To examine the effects of varying diagnostic and pharmaceutical criteria on the performance of claims-based algorithms for identifying beneficiaries with hypertension, heart failure, chronic lung disease, arthritis, glaucoma, and diabetes.
Secondary 1999-2000 data from two Medicare+Choice health plans.
Retrospective analysis of algorithm specificity and sensitivity.
Physician, facility, and pharmacy claims data were extracted from electronic records for a sample of 3,633 continuously enrolled beneficiaries who responded to an independent survey that included questions about chronic diseases.
Compared to an algorithm that required a single medical claim in a one-year period that listed the diagnosis, either requiring that the diagnosis be listed on two separate claims or that the diagnosis to be listed on one claim for a face-to-face encounter with a health care provider significantly increased specificity for the conditions studied by 0.03 to 0.11. Specificity of algorithms was significantly improved by 0.03 to 0.17 when both a medical claim with a diagnosis and a pharmacy claim for a medication commonly used to treat the condition were required. Sensitivity improved significantly by 0.01 to 0.20 when the algorithm relied on a medical claim with a diagnosis or a pharmacy claim, and by 0.05 to 0.17 when two years rather than one year of claims data were analyzed. Algorithms that had specificity more than 0.95 were found for all six conditions. Sensitivity above 0.90 was not achieved all conditions.

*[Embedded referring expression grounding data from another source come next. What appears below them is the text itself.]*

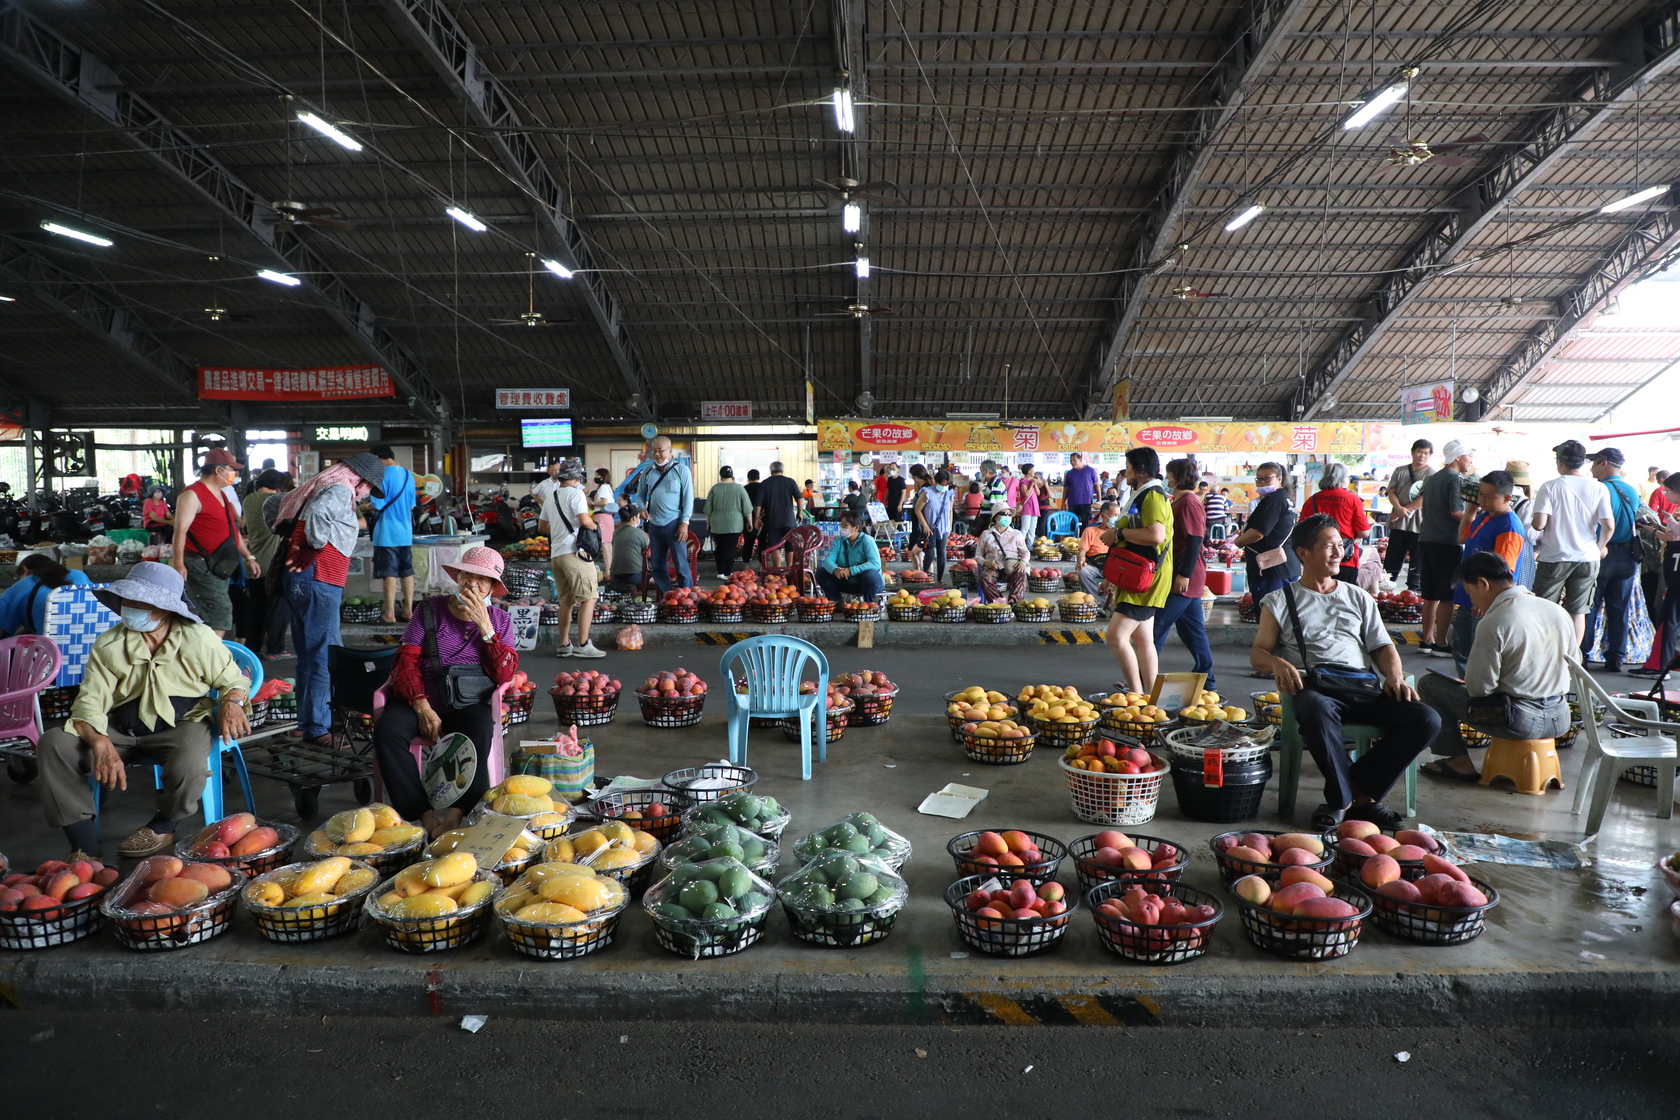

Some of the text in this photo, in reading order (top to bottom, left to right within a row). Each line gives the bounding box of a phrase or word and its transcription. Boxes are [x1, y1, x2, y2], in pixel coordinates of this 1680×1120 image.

[500, 393, 566, 405] 管理費收費處
[861, 428, 913, 439] 芒果の故鄉
[1014, 425, 1040, 450] 菊
[1142, 430, 1193, 441] 芒果の故鄉
[1293, 426, 1318, 451] 菊
[512, 608, 532, 648] 黑美人
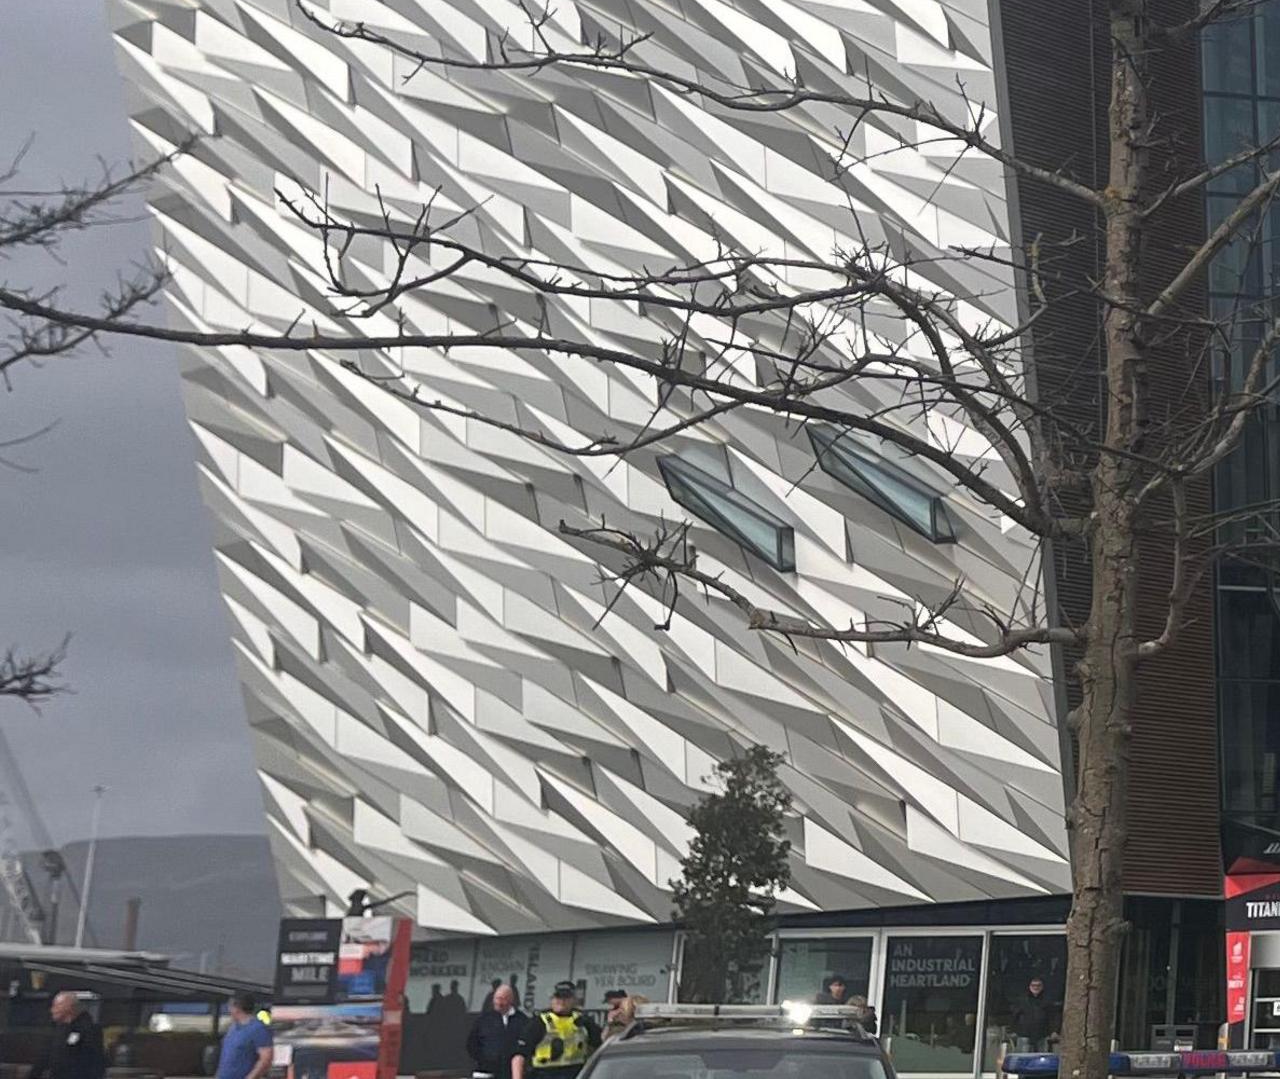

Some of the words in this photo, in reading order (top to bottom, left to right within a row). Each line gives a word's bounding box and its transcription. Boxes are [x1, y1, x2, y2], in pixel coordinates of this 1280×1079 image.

Varying claims criteria improved the performance of case-finding algorithms for six chronic conditions. Highly specific, and sometimes sensitive, algorithms for identifying members of health plans with several chronic conditions can be developed using claims data.

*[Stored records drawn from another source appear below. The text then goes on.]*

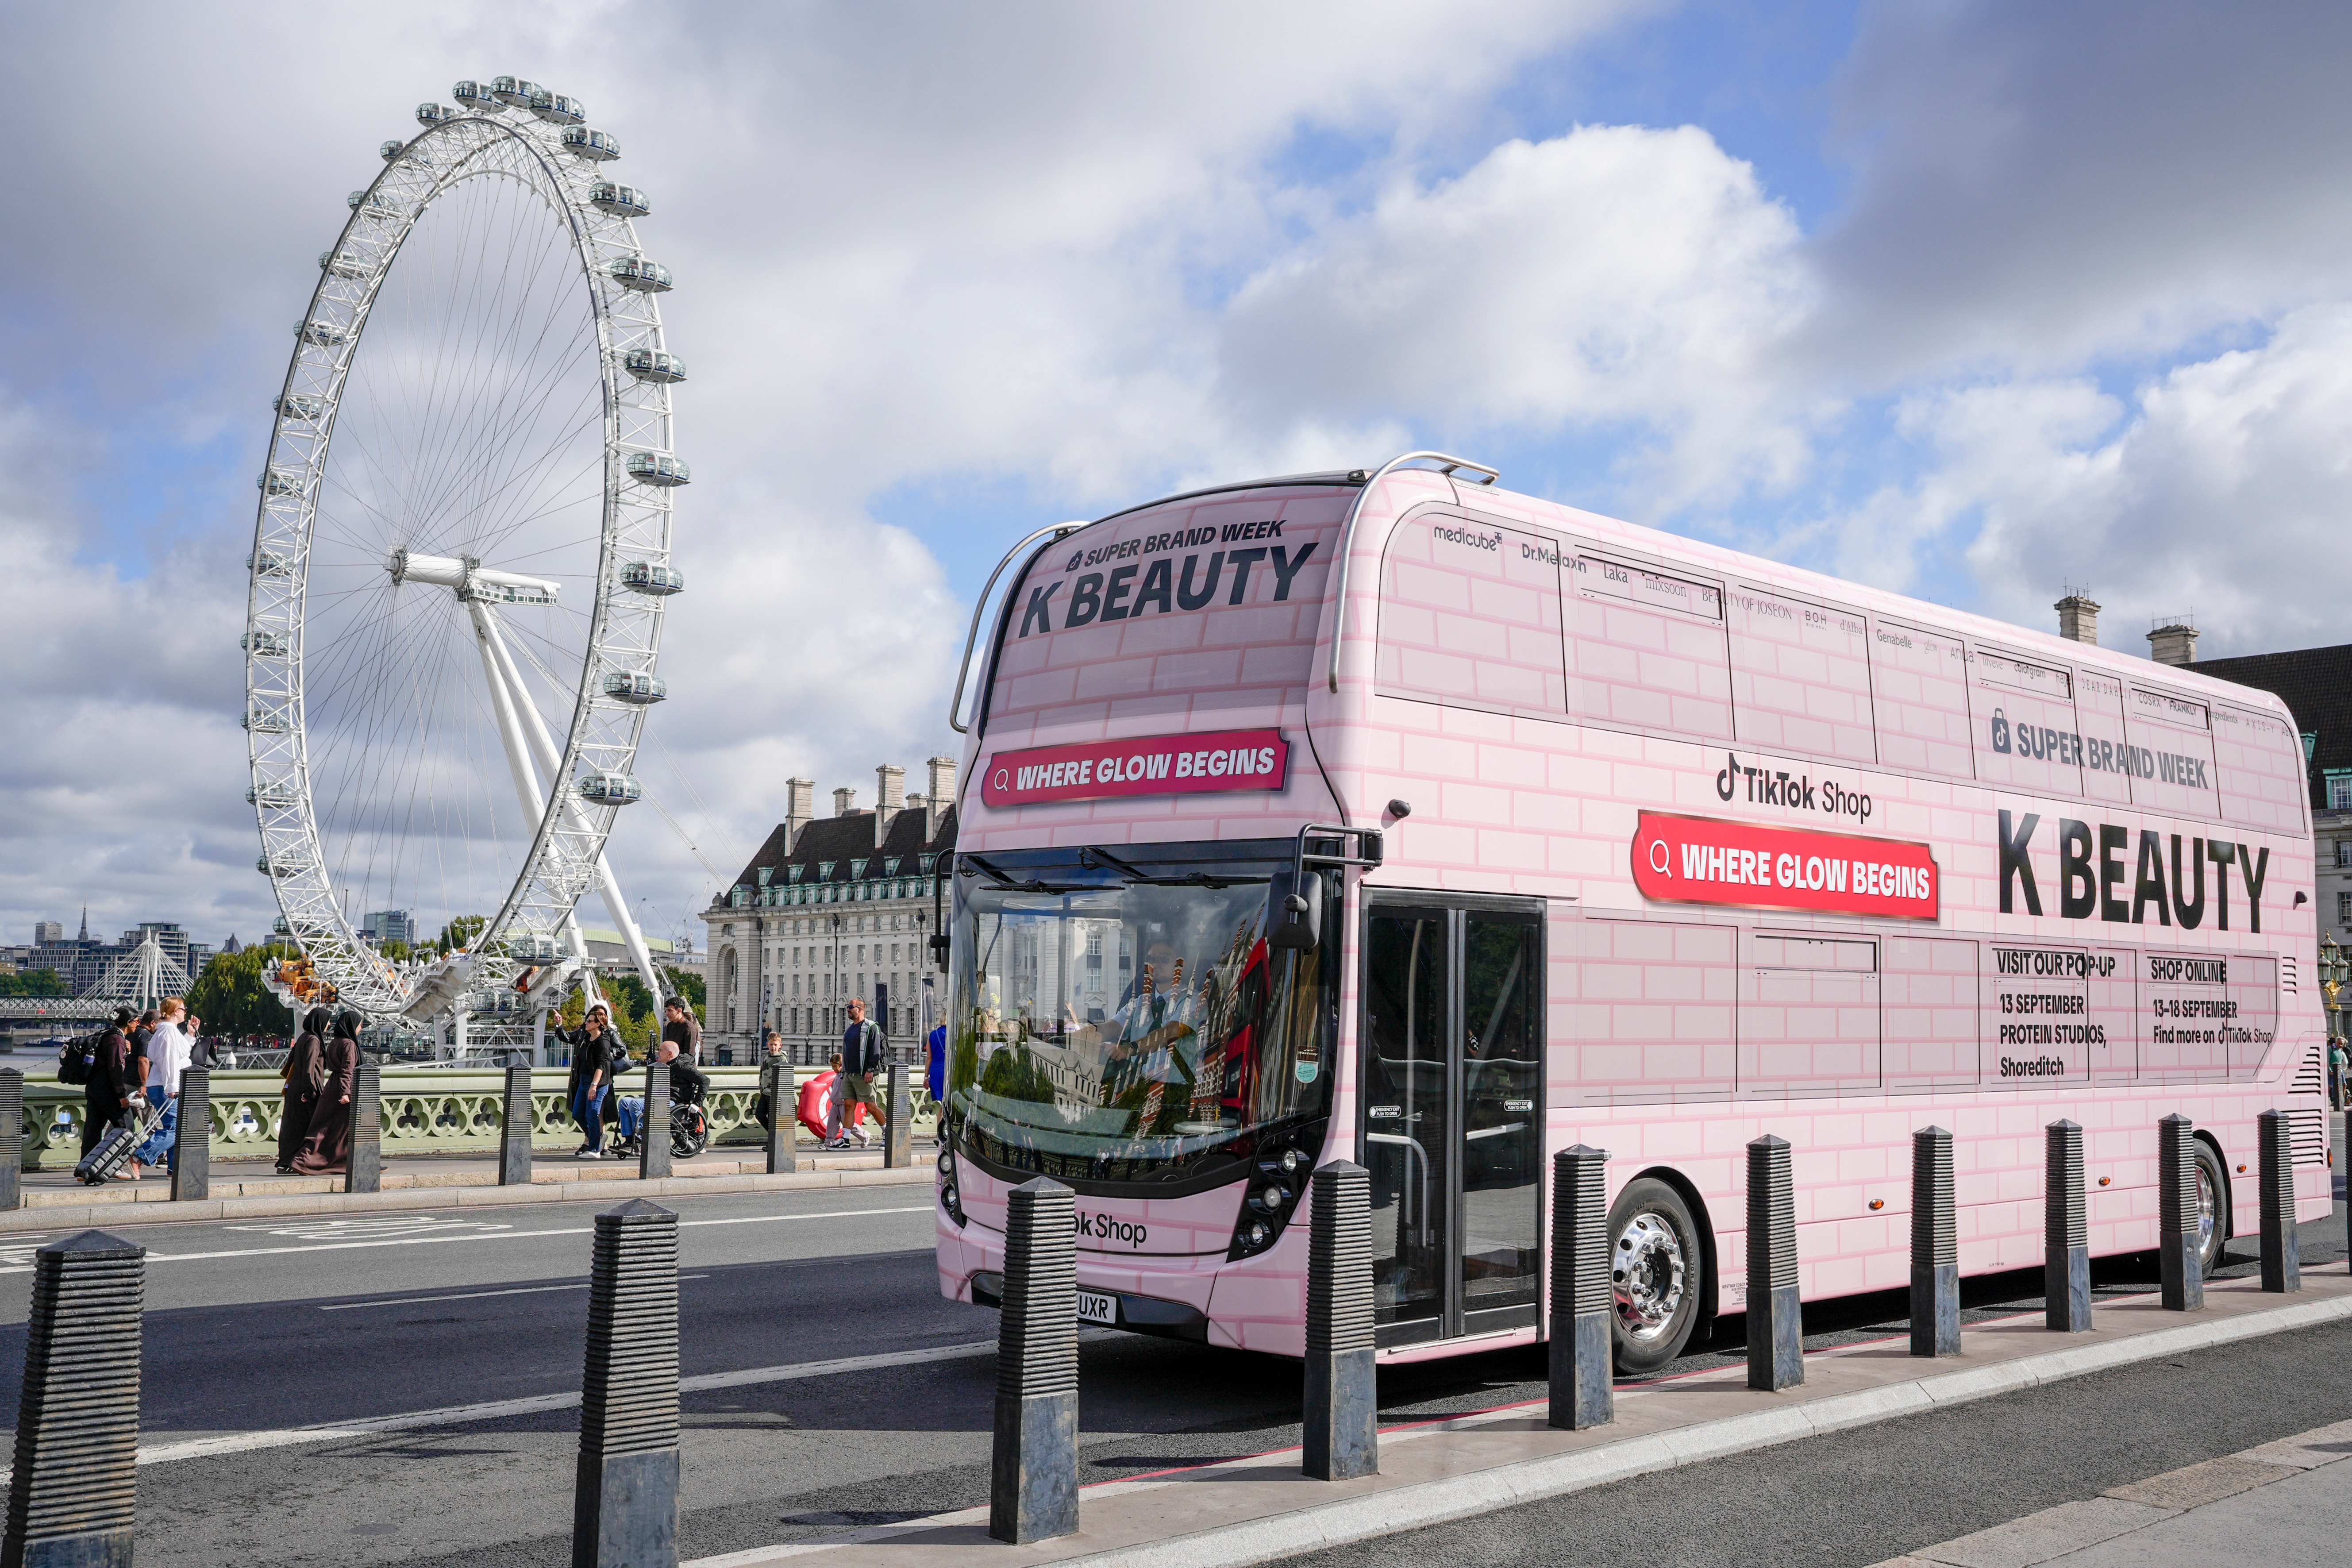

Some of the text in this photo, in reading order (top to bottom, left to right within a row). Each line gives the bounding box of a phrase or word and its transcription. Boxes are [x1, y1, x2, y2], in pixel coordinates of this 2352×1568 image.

[1084, 520, 1287, 567] SUPER BRAND WEEK
[1434, 526, 1497, 551] medicube
[1522, 543, 1587, 573] Dr.Melaxin
[1603, 563, 1628, 583] Laka
[1018, 542, 1320, 639] K BEAUTY
[1645, 578, 1687, 597] mixsoon
[1702, 588, 1792, 620] BEAUTY OF JOSEON
[1805, 610, 1827, 625] BOH
[1840, 619, 1863, 635] d'Alba
[1877, 629, 1912, 649] Genabelle
[1982, 655, 2004, 670] lilyeve
[2138, 693, 2161, 708] COSRX
[2169, 700, 2197, 716] FRANKLY
[2246, 718, 2274, 733] AXIS-Y
[2017, 722, 2209, 790] SUPER BRAND WEEK
[1016, 747, 1275, 791] WHERE GLOW BEGINS
[1744, 767, 1872, 824] TikTok Shop
[1682, 843, 1930, 901] WHERE GLOW BEGINS
[1998, 809, 2270, 934] K BEAUTY
[1997, 951, 2031, 974] VISIT
[2034, 953, 2063, 975] OUR
[2151, 959, 2227, 982] SHOP ONLINE
[2000, 994, 2084, 1015] 13 SEPTEMBER
[2182, 1000, 2238, 1018] SEPTEMBER
[2000, 1025, 2107, 1049] PROTEIN STUDIOS,
[2154, 1025, 2272, 1047] Find more on TikTok Shop
[2000, 1056, 2064, 1077] Shoreditch
[1095, 1213, 1147, 1249] Shop
[1079, 1295, 1109, 1319] UXR

研究不同的诊断和用药标准对基于索赔数据的算法识别高血压、心力衰竭、慢性肺病、关节炎、青光眼和糖尿病受益人的性能影响。
来自两个医疗保险 + 选择健康计划的1999 - 2000年二级数据。
对算法特异性和敏感性的回顾性分析。
从电子记录中提取医生、医疗机构和药房的索赔数据,样本为3633名持续参保的受益人,他们回应了一项包含慢性病问题的独立调查。

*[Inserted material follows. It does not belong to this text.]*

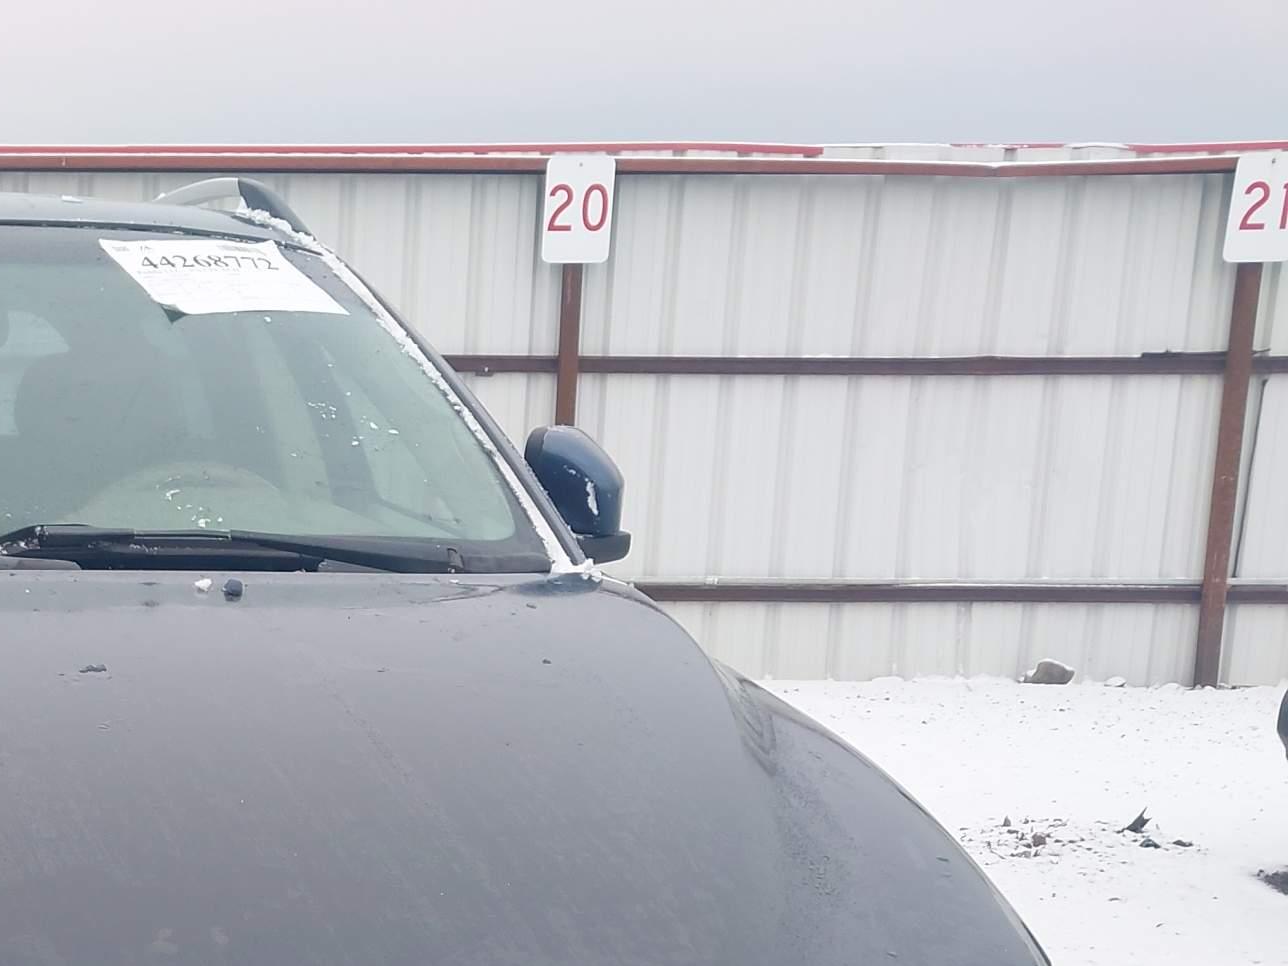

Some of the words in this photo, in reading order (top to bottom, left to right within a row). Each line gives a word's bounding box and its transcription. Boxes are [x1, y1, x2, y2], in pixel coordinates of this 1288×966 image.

[547, 183, 609, 231] 20
[1239, 181, 1288, 230] 21
[140, 254, 280, 270] 44268772

与要求在一年内有一条列出诊断的单一医疗索赔的算法相比,要求诊断列在两条单独的索赔上,或者列在与医疗服务提供者面对面就诊的一条索赔上,可使所研究疾病的特异性显著提高0.03至0.11。当同时要求有诊断的医疗索赔和用于治疗该疾病的常用药物的药房索赔时,算法的特异性显著提高0.03至0.17。当算法依赖于有诊断的医疗索赔或药房索赔时,敏感性显著提高0.01至0.20;当分析两年而非一年的索赔数据时,敏感性提高0.05至0.17。所有六种疾病都找到了特异性超过0.95的算法。并非所有疾病都能达到0.90以上的敏感性。
不同的索赔标准改善了六种慢性病病例发现算法的性能。利用索赔数据可以开发出高度特异且有时敏感的算法,用于识别患有多种慢性病的健康计划成员。